We have been thinking about cloud computing quite a bit over the last month. As I noted earlier , cloud computing is hardly a new idea, but it does add a few new twists on some old concepts in distributed systems. So, we are spending some time to understand how we can take our existing big applications and make them work with cloud systems and software. It should come as no surprise that there are a number of ways to use Condor to harness clouds for big applications.

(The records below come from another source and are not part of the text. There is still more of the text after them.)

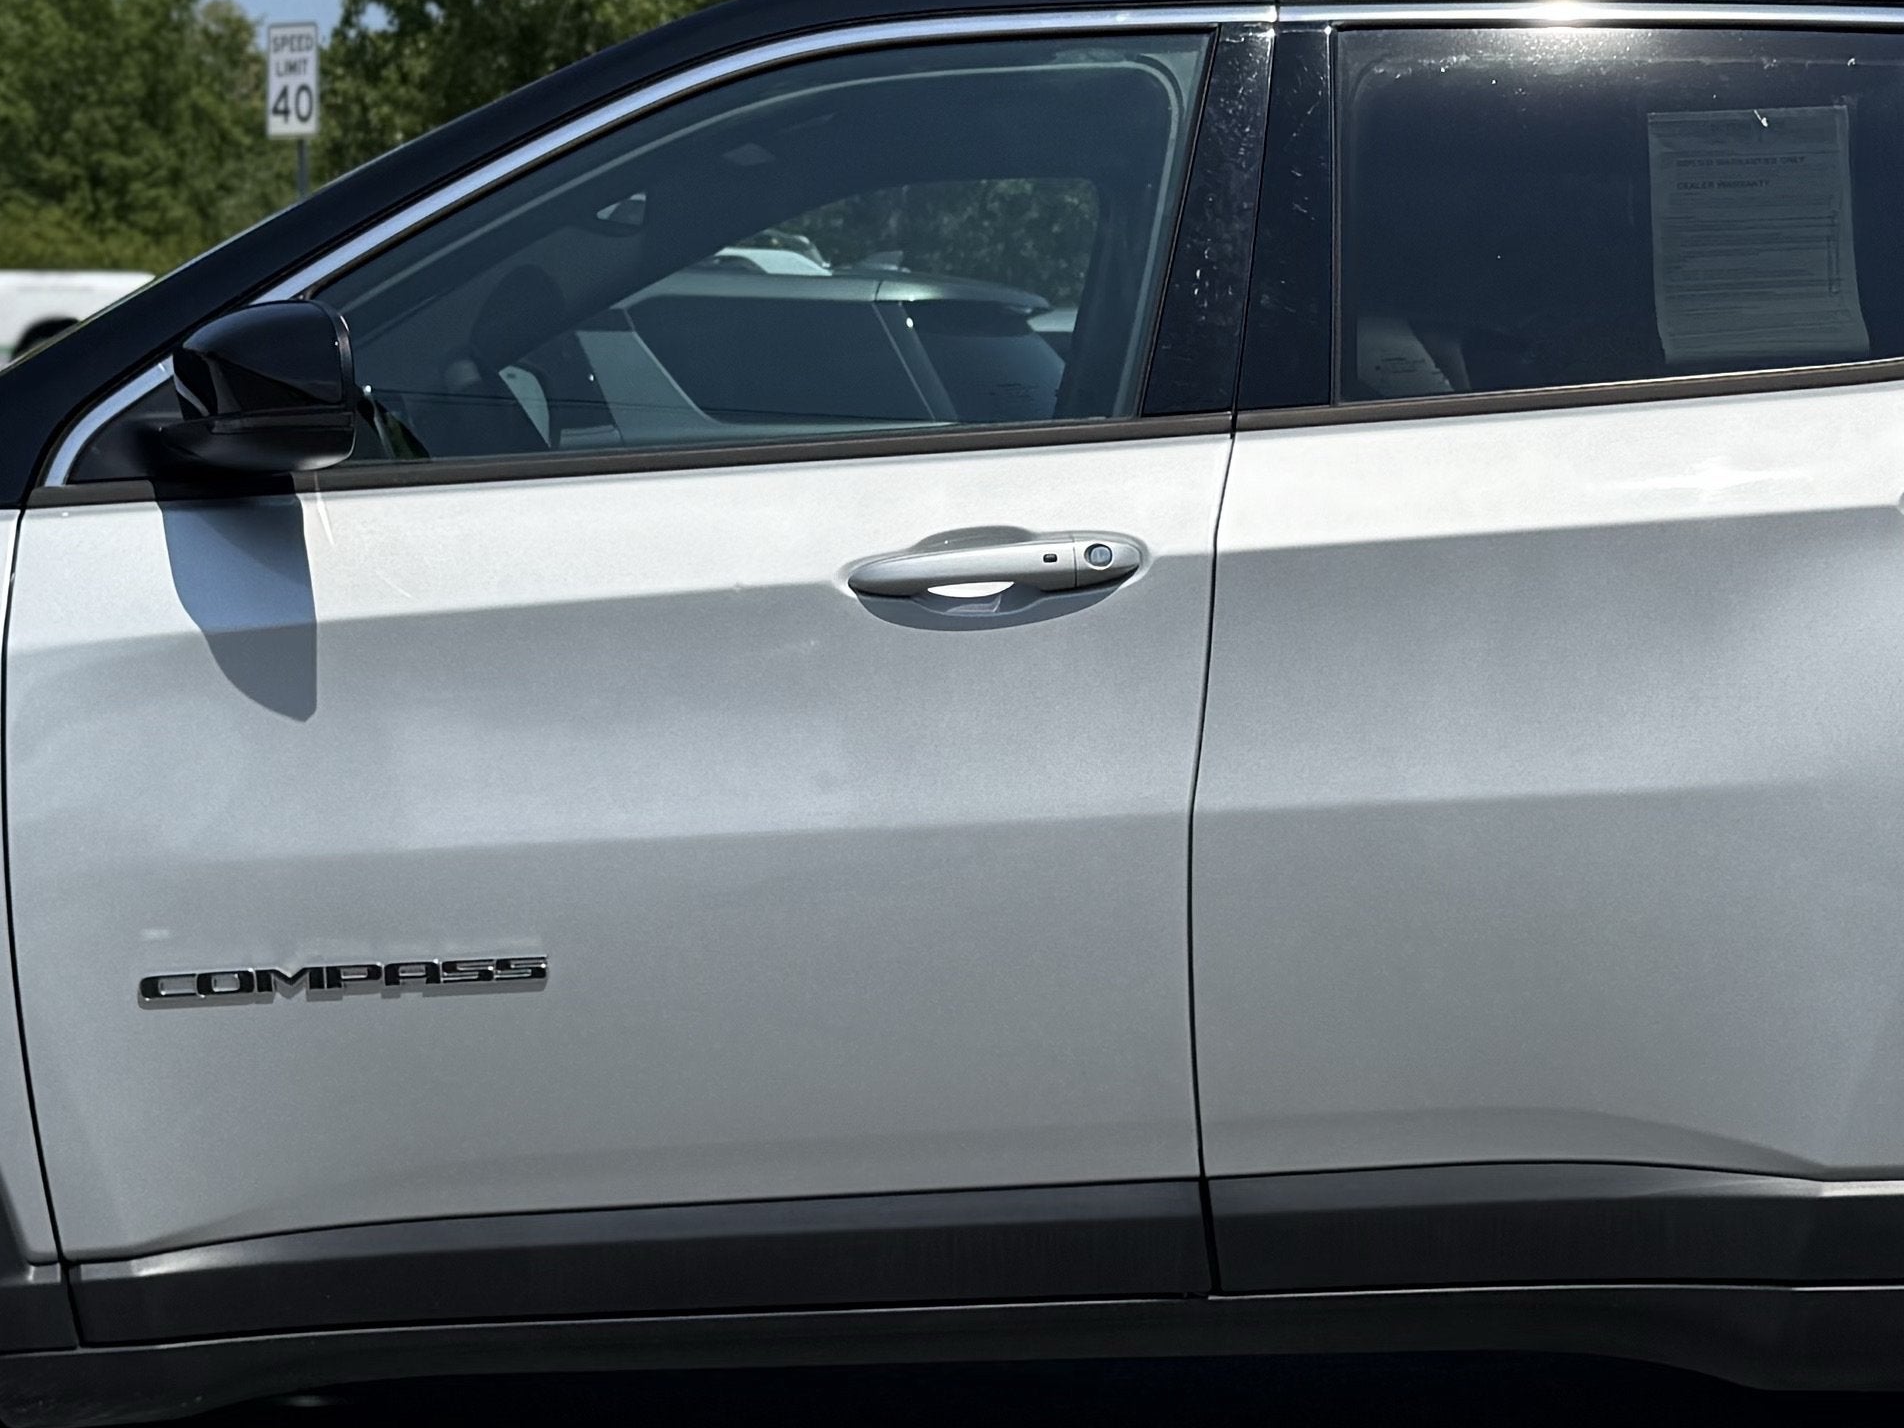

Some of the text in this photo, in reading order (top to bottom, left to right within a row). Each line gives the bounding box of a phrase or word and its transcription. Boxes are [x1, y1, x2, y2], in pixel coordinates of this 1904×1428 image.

[271, 34, 314, 53] SPEED
[275, 58, 309, 77] LIMIT
[271, 84, 314, 124] 40
[138, 955, 549, 1006] COMPASS
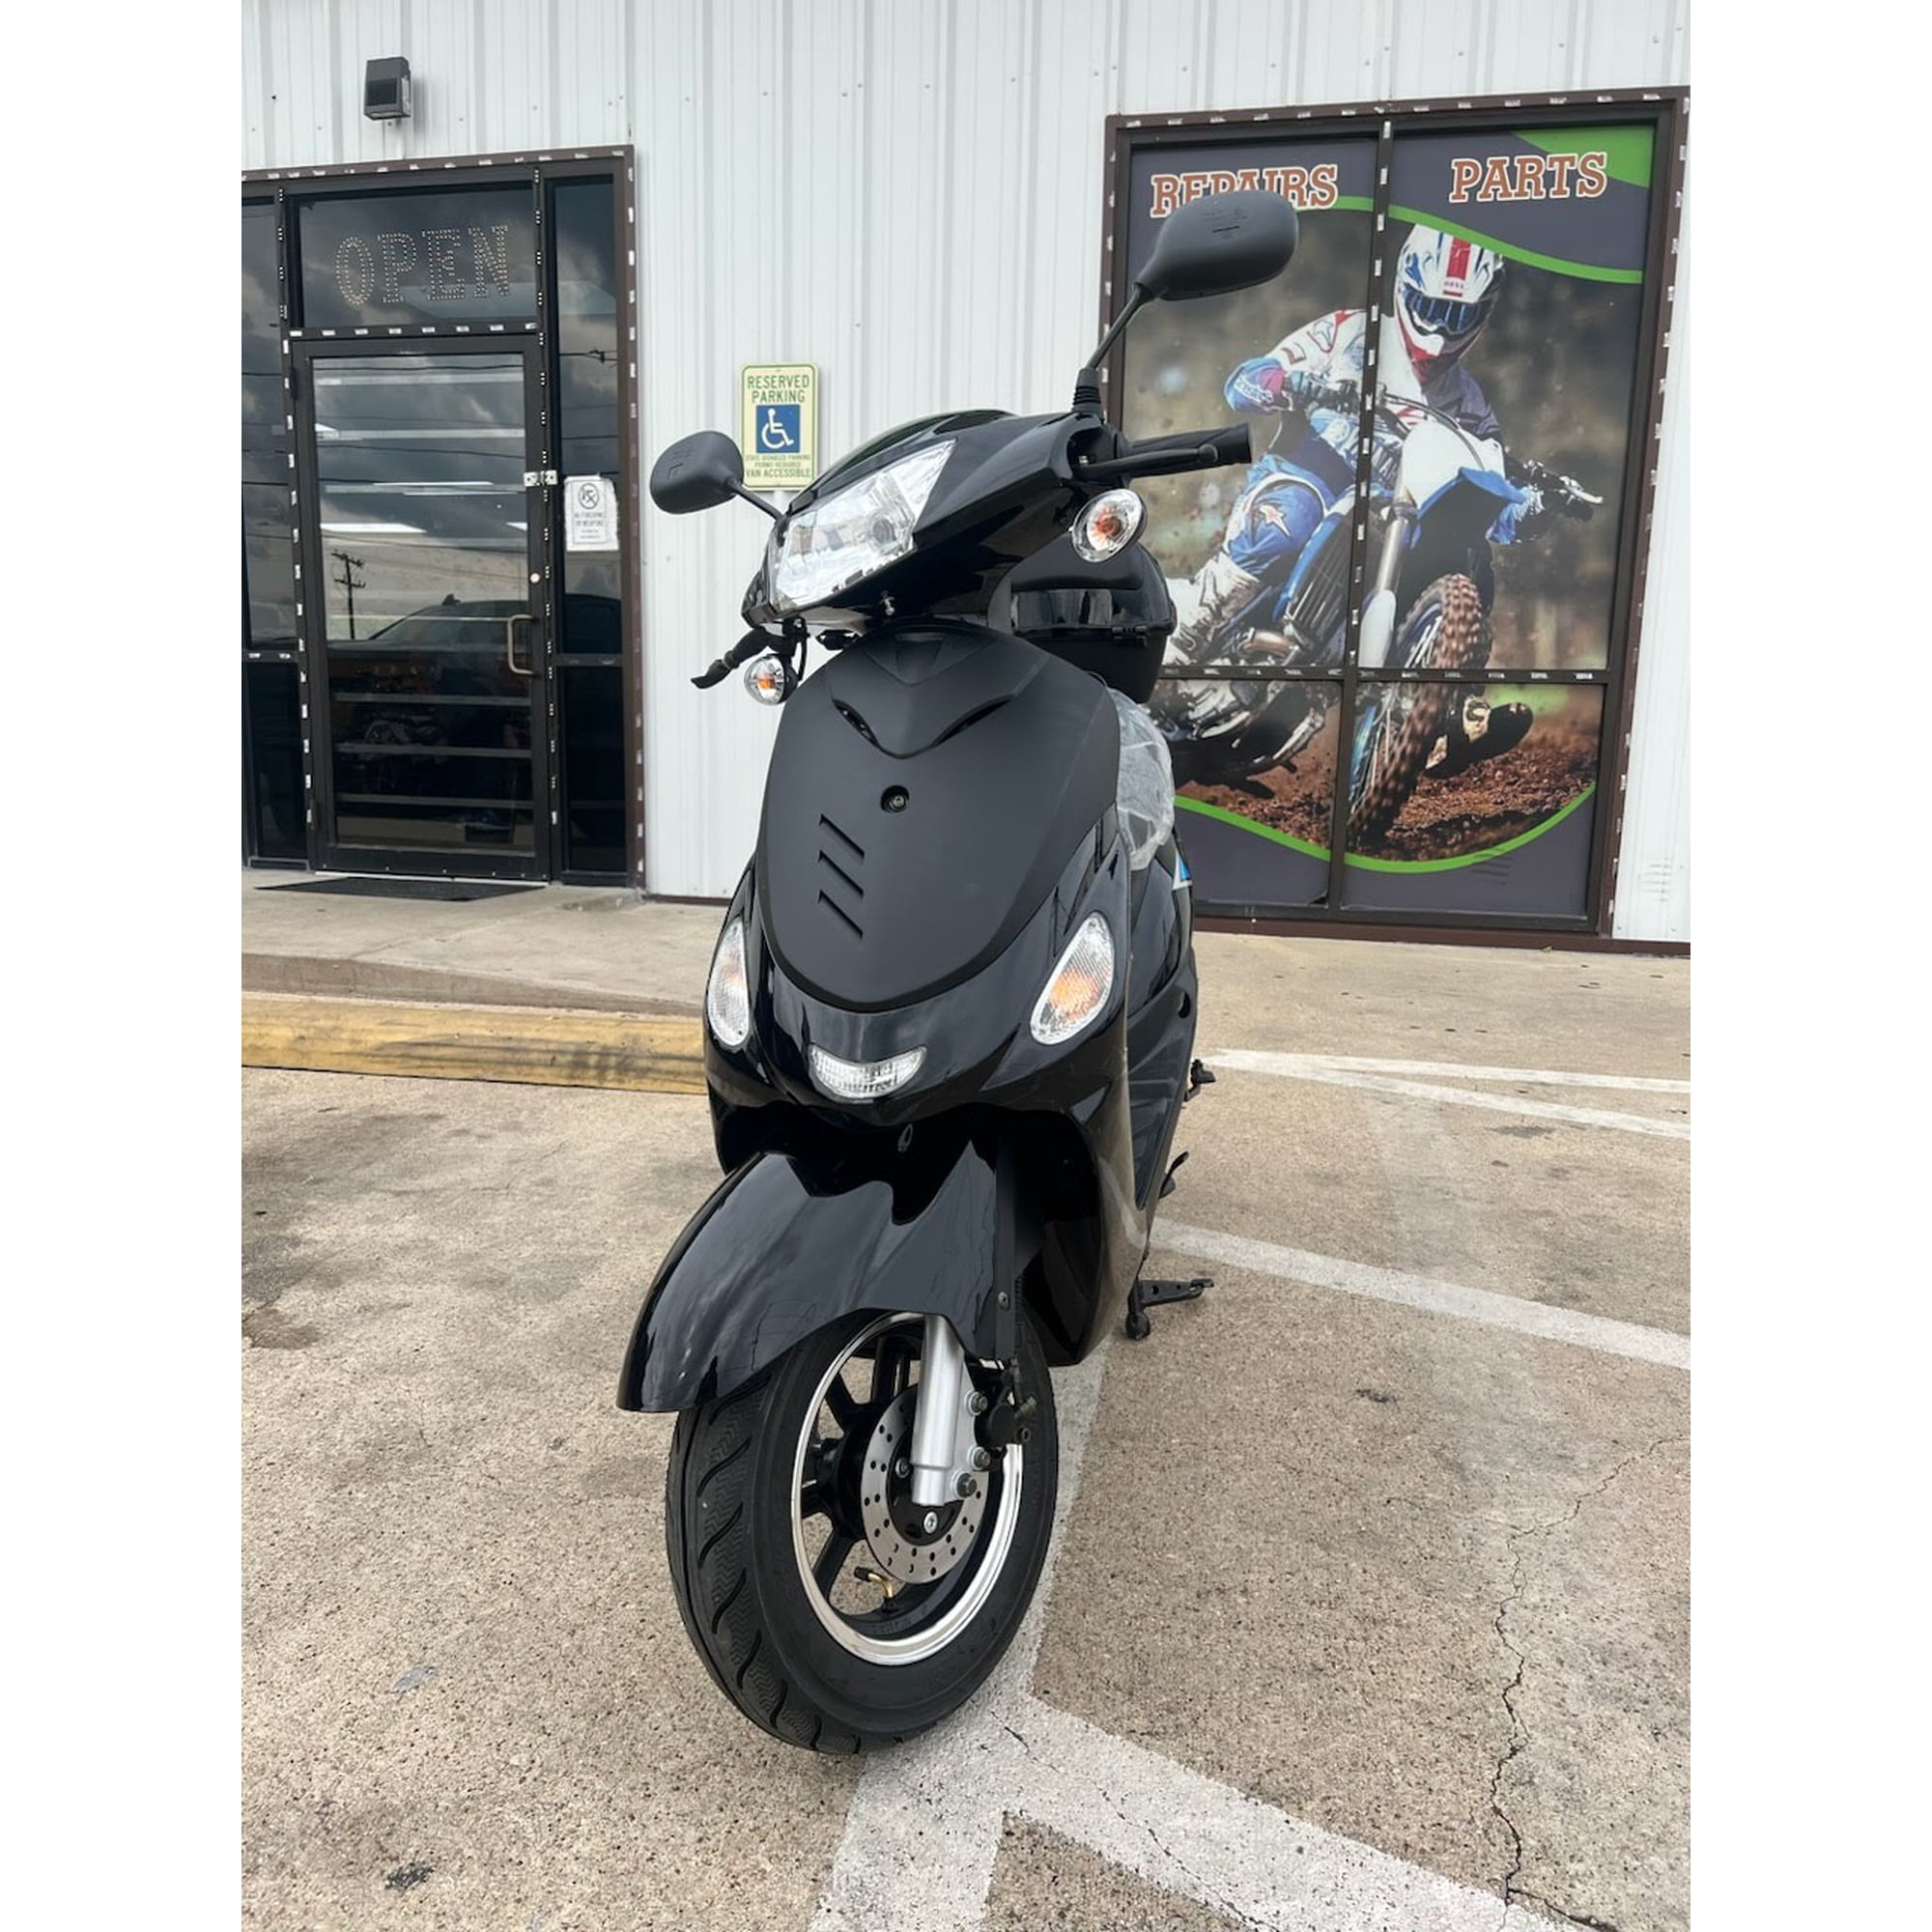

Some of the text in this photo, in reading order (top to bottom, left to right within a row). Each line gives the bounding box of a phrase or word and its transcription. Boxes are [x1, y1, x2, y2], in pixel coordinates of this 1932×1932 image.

[1449, 152, 1607, 203] PARTS
[336, 225, 508, 307] OPEN
[747, 375, 810, 388] RESERVED
[752, 389, 806, 403] PARKING
[746, 469, 811, 477] VAN ACCESSIBLE

Two weeks ago, I gave a talk titled Science in the Clouds at an NSF workshop on Cloud Computing and the Geosciences . One of the points that I made was that although clouds make it easy to allocate new machines that have exactly the environment you want, they don't solve the problem of work management. That is, if you have one million tasks to do, how do you reliably distribute them between your workstation, your campus computer center, and your cloud workforce? For this, you need some kind of job execution system, which is largely what grid computing has focused on:

As it stands, Condor is pretty good at managing work across multiple different kinds of systems. In fact, today you can go to a commercial service like Cycle Computing , who can build an on-demand Condor pool by allocating machines from Amazon:


Just today, we hosted Dhruba Borthakur at Notre Dame. Dhruba is the project lead for the open source Apache Hadoop system. We are cooking up some neat ways for Condor and Hadoop to play together. As a first step, one of my students Peter Bui has cooked up a module for Parrot that talks to HDFS, the Hadoop file system. This allows any Unix program -- not just Java -- talk to HDFS, without requiring the kernel configuration and other headaches of using FUSE. Then, you can submit your jobs into a Condor pool and allow them to access data in HDFS as if it were a local file system. The next step is to co-locate the Condor jobs with the Hadoop data that they want to access.
Finally, if you are interested in cloud computing, you should attend CCA09 - Cloud Computing and Applications - to be held in Chicago on October 20th. This will be a focused, one day meeting with speakers from industry, academia who are both building and using cloud computers.